Assignment:
All of the records below should be retyped exactly, with no pictures included.
---
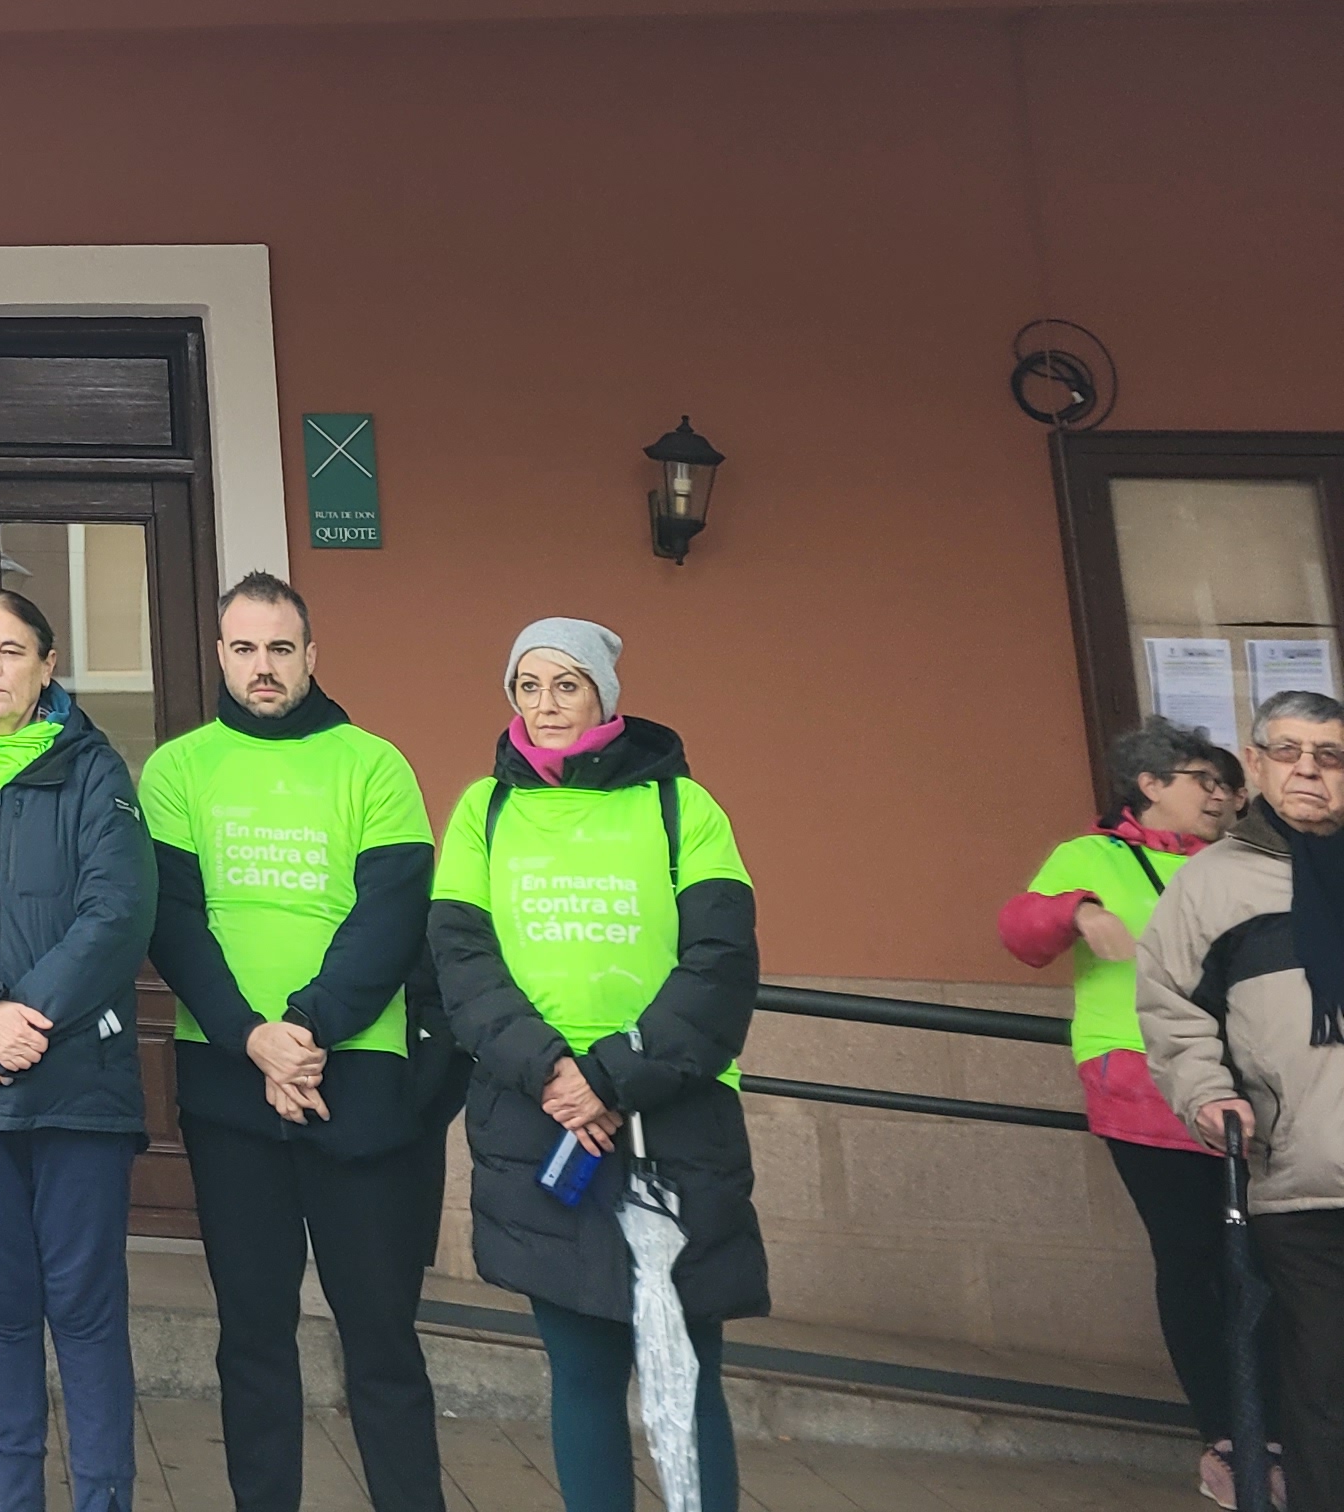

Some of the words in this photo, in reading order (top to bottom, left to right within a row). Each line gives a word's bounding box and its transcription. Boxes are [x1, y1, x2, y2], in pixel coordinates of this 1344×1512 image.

[315, 511, 338, 519] RUTA
[341, 511, 352, 519] DE
[355, 511, 375, 519] DON
[315, 527, 377, 543] QUIJOTE
[225, 821, 250, 837] En
[254, 825, 329, 844] marcha
[225, 843, 302, 863] contra
[305, 847, 329, 867] el
[226, 862, 330, 891] cáncer
[521, 873, 547, 891] En
[551, 873, 638, 892] marcha
[521, 893, 608, 914] contra
[613, 895, 641, 917] el
[526, 914, 642, 945] cáncer
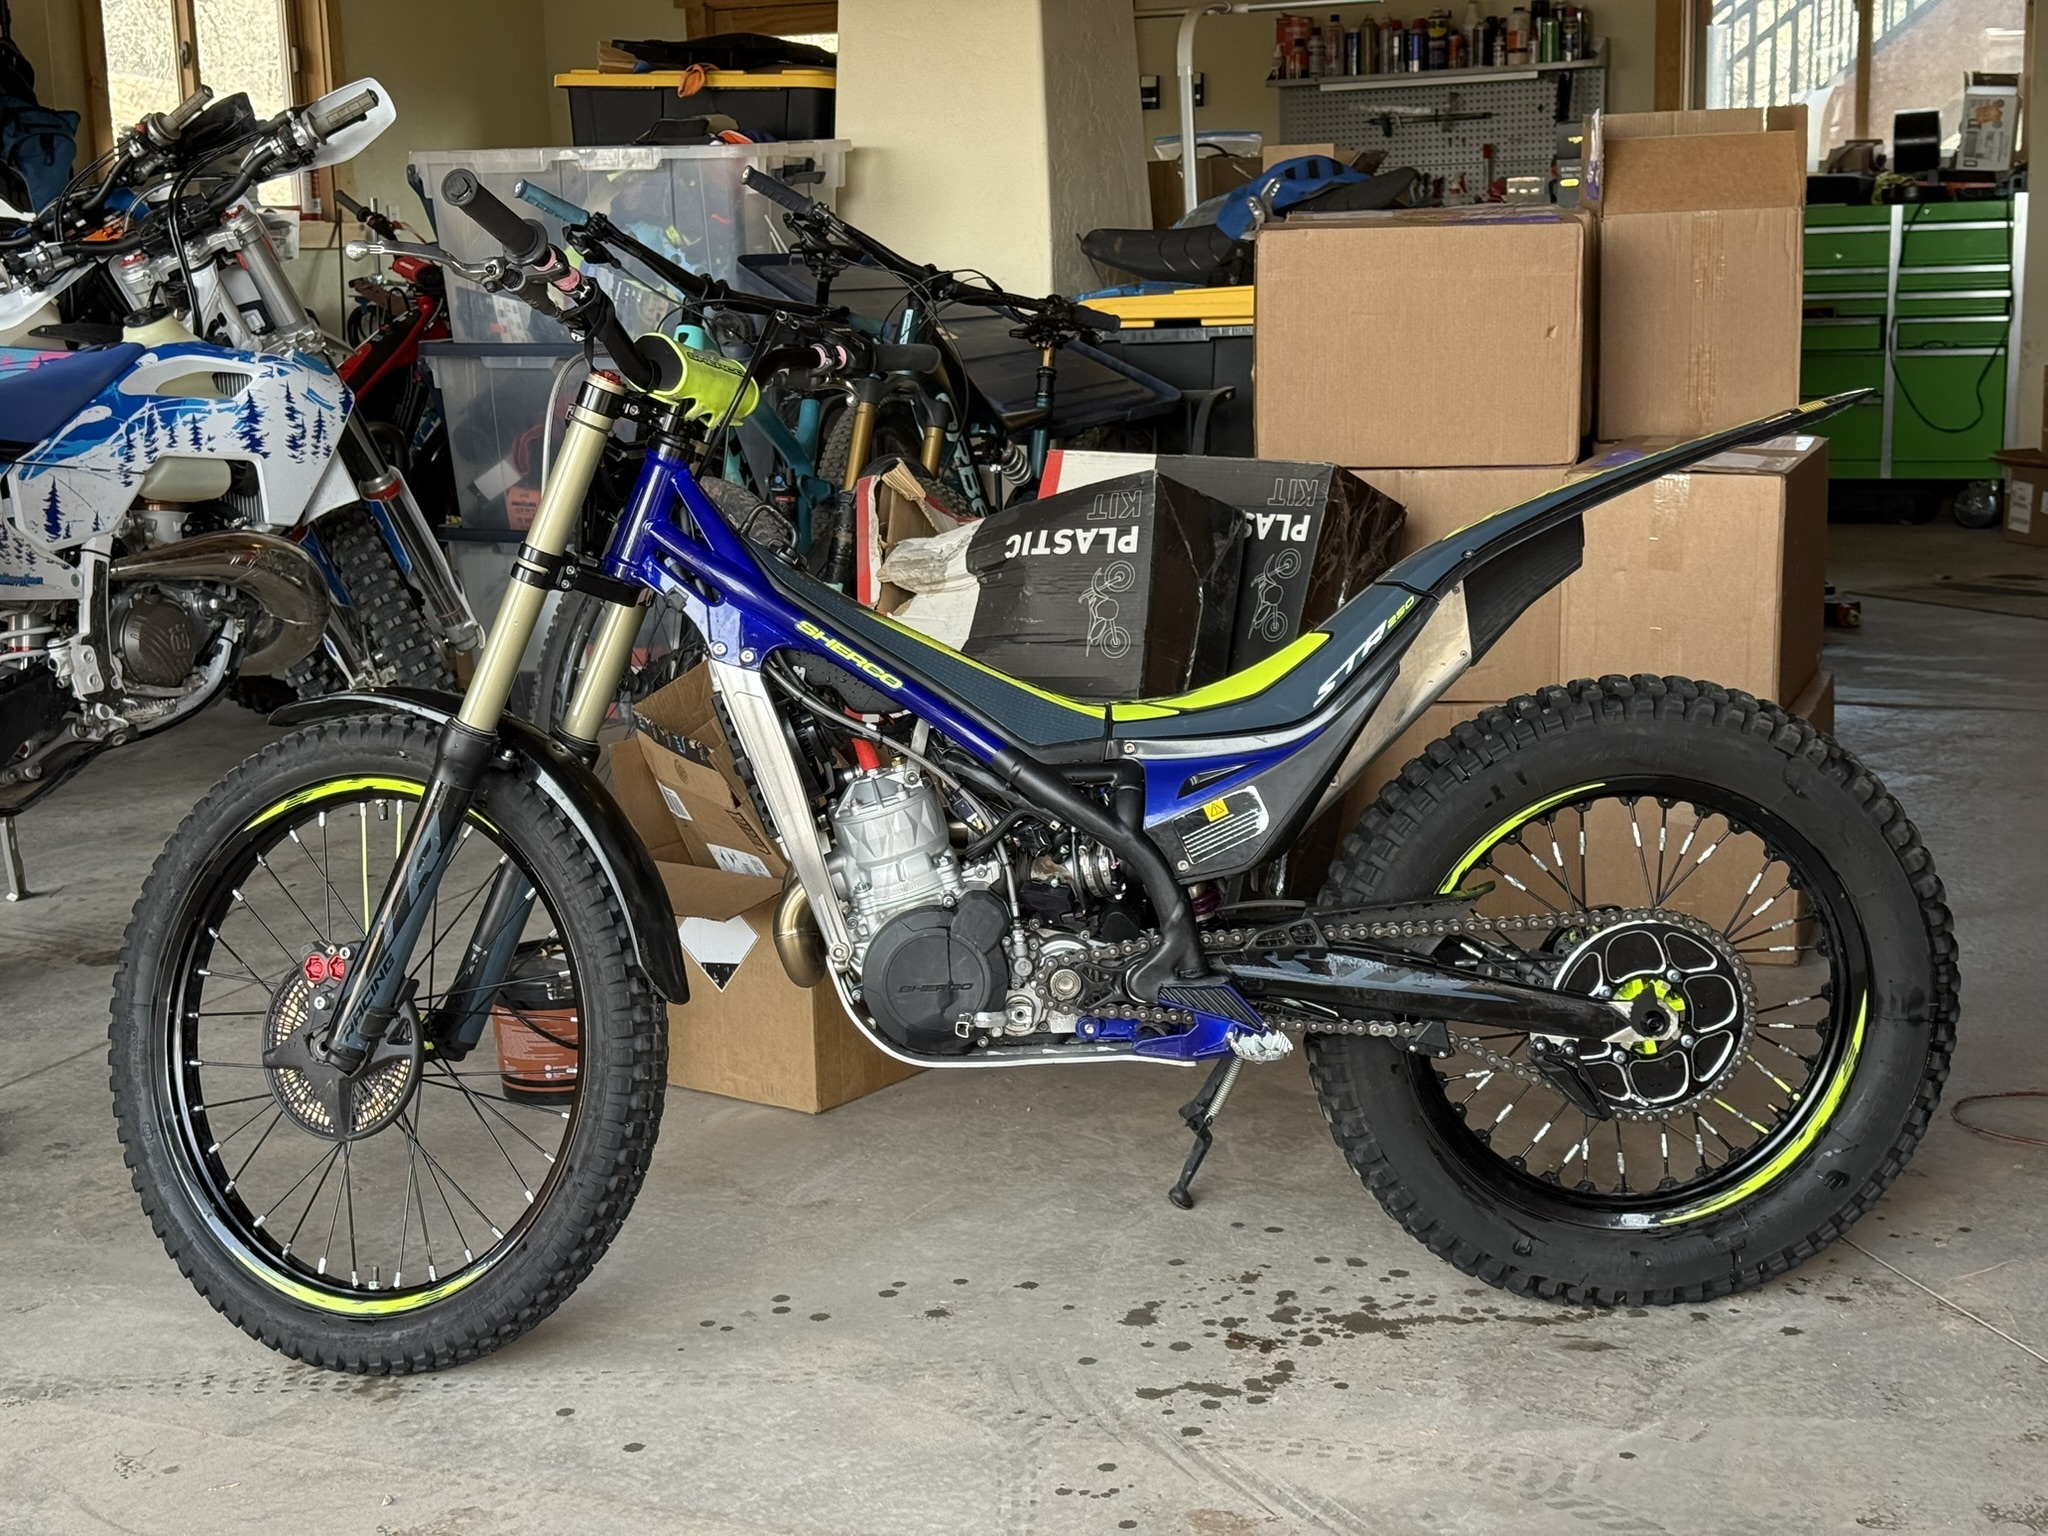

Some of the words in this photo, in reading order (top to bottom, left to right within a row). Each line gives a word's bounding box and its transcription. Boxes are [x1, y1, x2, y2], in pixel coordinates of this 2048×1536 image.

[1086, 490, 1142, 520] KIT
[1267, 478, 1319, 507] KIT
[1004, 525, 1139, 559] PLASTIC
[795, 620, 904, 690] SHERCO
[1313, 619, 1388, 708] STR
[1387, 595, 1415, 630] 250
[344, 953, 395, 1041] RACING
[899, 983, 974, 993] SHERCO
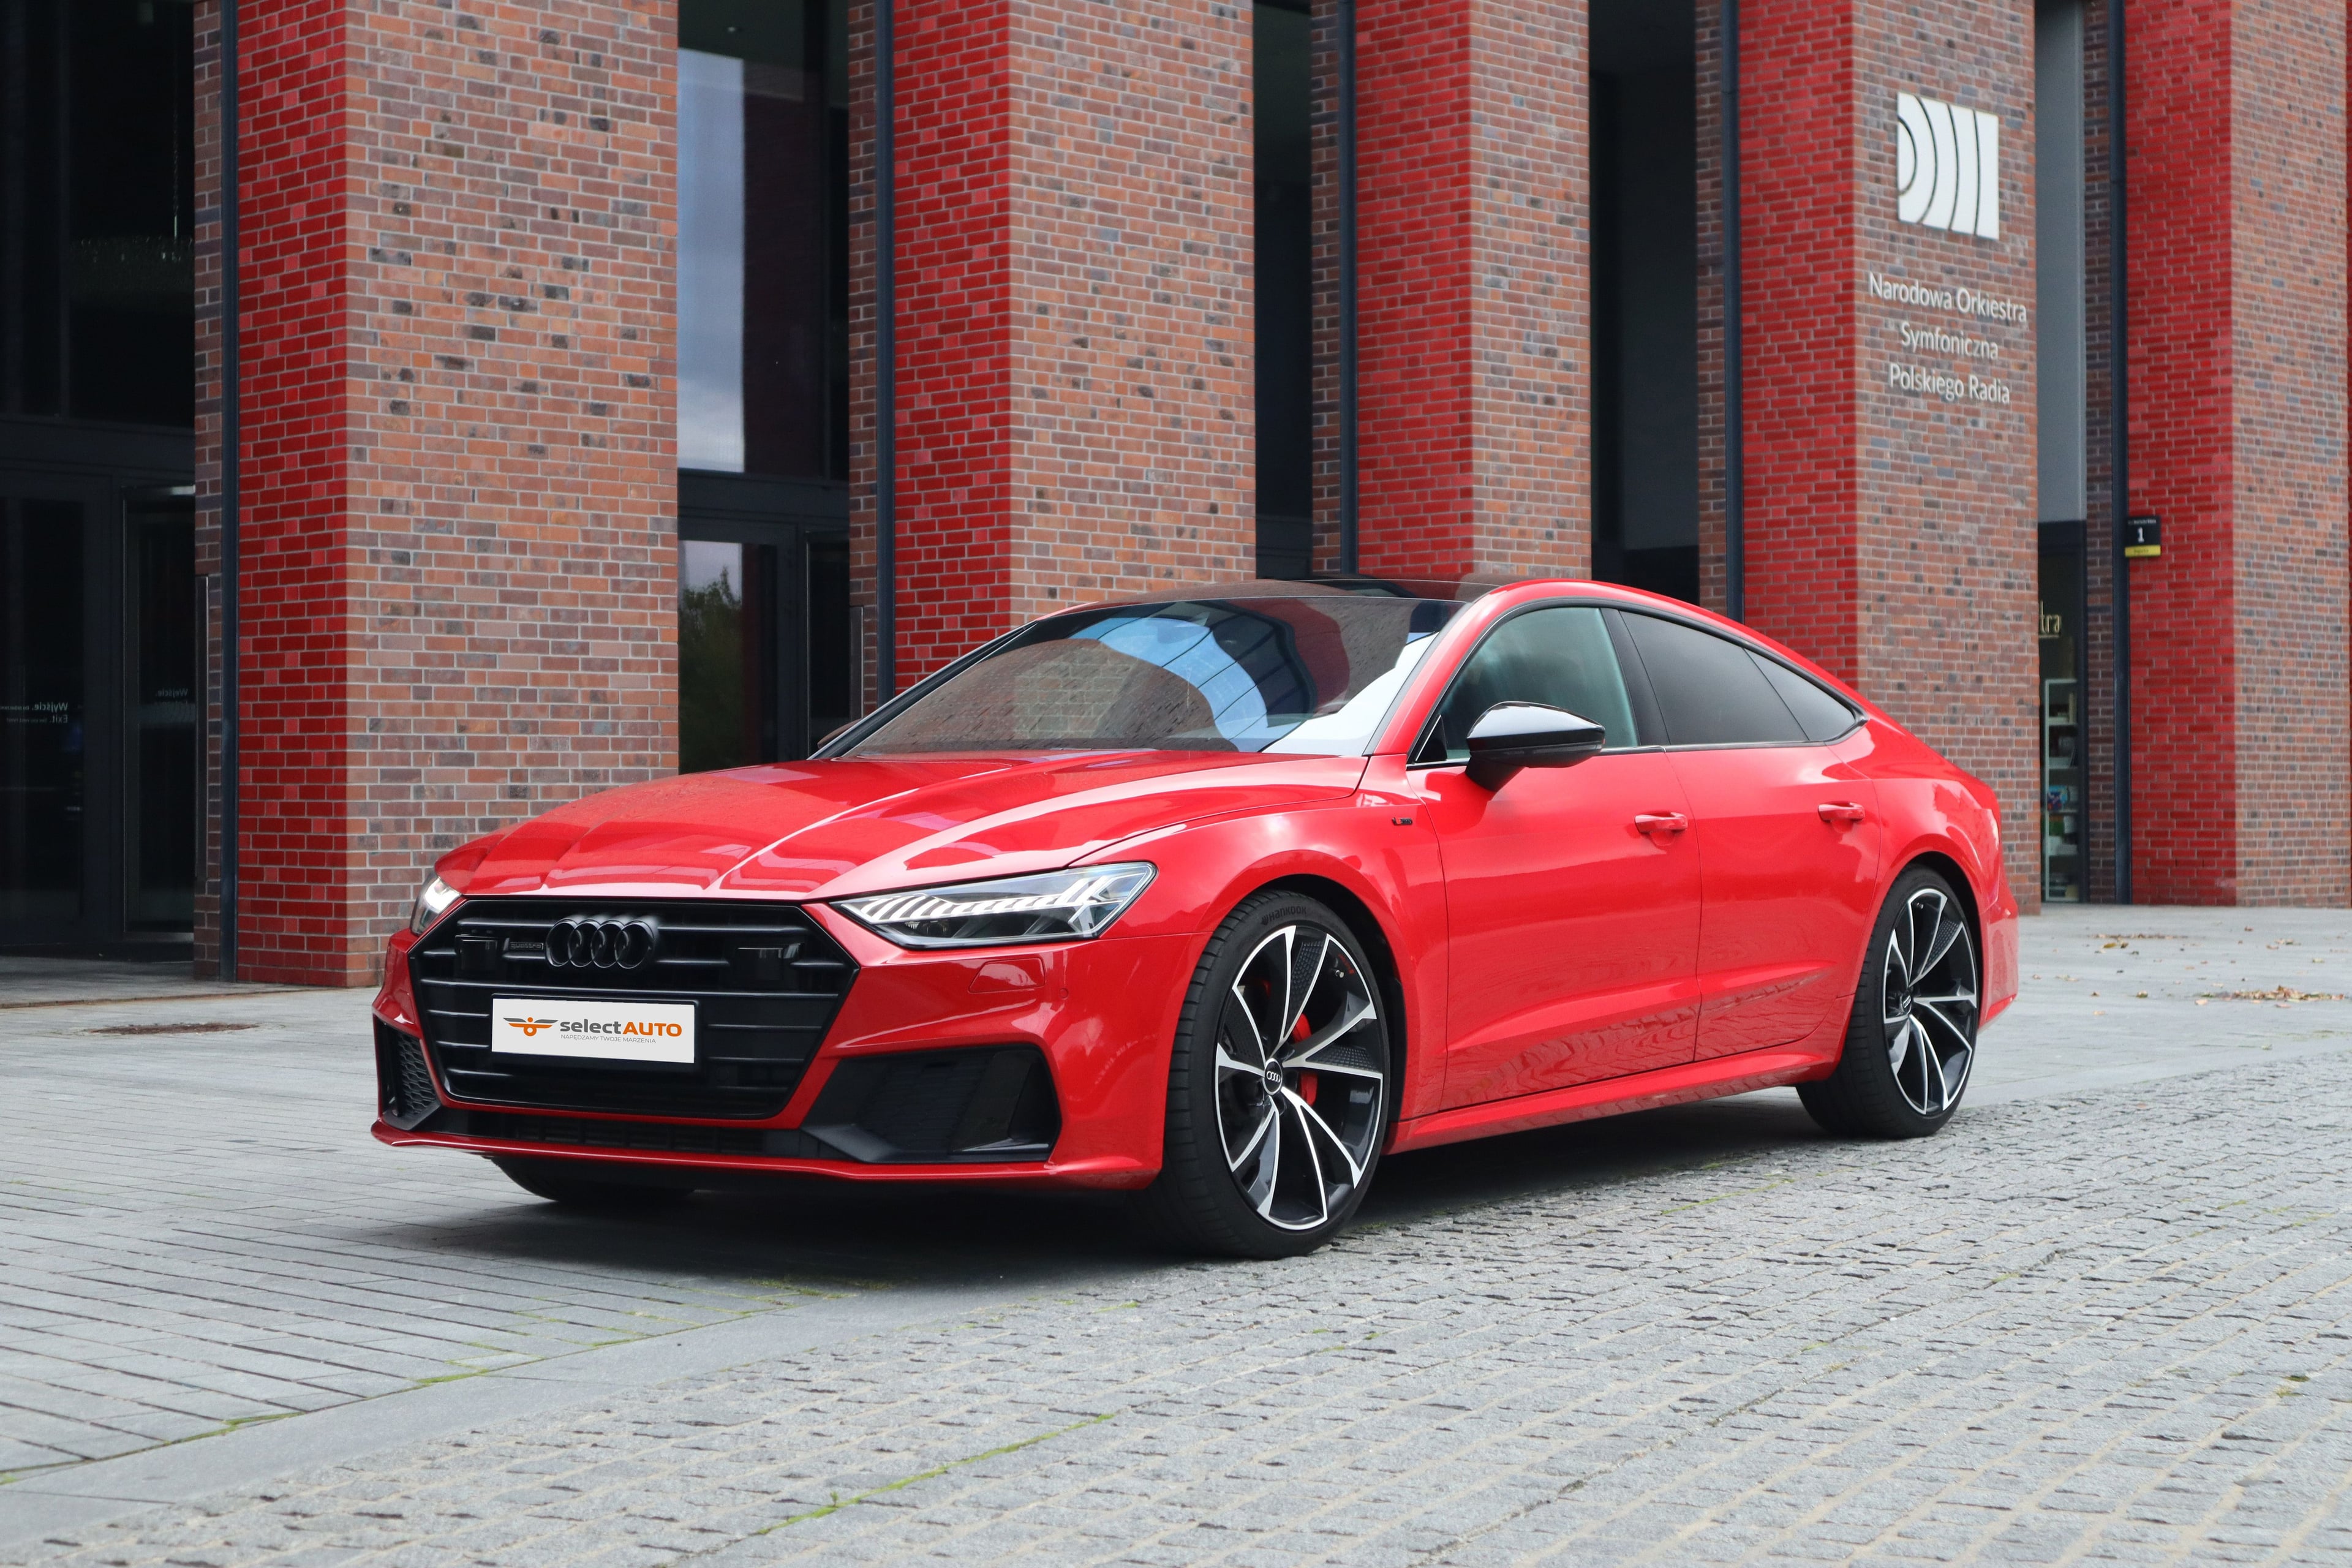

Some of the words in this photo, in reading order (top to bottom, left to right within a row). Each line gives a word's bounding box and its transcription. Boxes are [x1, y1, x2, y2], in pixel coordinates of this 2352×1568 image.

[1869, 272, 1952, 310] Narodowa
[1956, 287, 2027, 323] Orkiestra
[1901, 321, 1998, 360] Symfoniczna
[1890, 363, 1964, 401] Polskiego
[1968, 374, 2010, 404] Radia
[2138, 527, 2144, 543] 1
[560, 1019, 682, 1037] selectAUTO
---
Written response:
Some of the words in this photo, in reading order (top to bottom, left to right within a row). Each line gives a word's bounding box and its transcription. Boxes are [x1, y1, x2, y2], in pixel coordinates of this 1344×1512 image.

[315, 511, 338, 519] RUTA
[341, 511, 352, 519] DE
[355, 511, 375, 519] DON
[315, 527, 377, 543] QUIJOTE
[225, 821, 250, 837] En
[254, 825, 329, 844] marcha
[225, 843, 302, 863] contra
[305, 847, 329, 867] el
[226, 862, 330, 891] cáncer
[521, 873, 547, 891] En
[551, 873, 638, 892] marcha
[521, 893, 608, 914] contra
[613, 895, 641, 917] el
[526, 914, 642, 945] cáncer

Some of the words in this photo, in reading order (top to bottom, left to right within a row). Each line gives a word's bounding box and its transcription. Boxes are [x1, y1, x2, y2], in pixel coordinates of this 2048×1536 image.

[1086, 490, 1142, 520] KIT
[1267, 478, 1319, 507] KIT
[1004, 525, 1139, 559] PLASTIC
[795, 620, 904, 690] SHERCO
[1313, 619, 1388, 708] STR
[1387, 595, 1415, 630] 250
[344, 953, 395, 1041] RACING
[899, 983, 974, 993] SHERCO

Some of the words in this photo, in reading order (top to bottom, left to right within a row). Each line gives a word's bounding box and its transcription. Boxes are [x1, y1, x2, y2], in pixel coordinates of this 2352×1568 image.

[1869, 272, 1952, 310] Narodowa
[1956, 287, 2027, 323] Orkiestra
[1901, 321, 1998, 360] Symfoniczna
[1890, 363, 1964, 401] Polskiego
[1968, 374, 2010, 404] Radia
[2138, 527, 2144, 543] 1
[560, 1019, 682, 1037] selectAUTO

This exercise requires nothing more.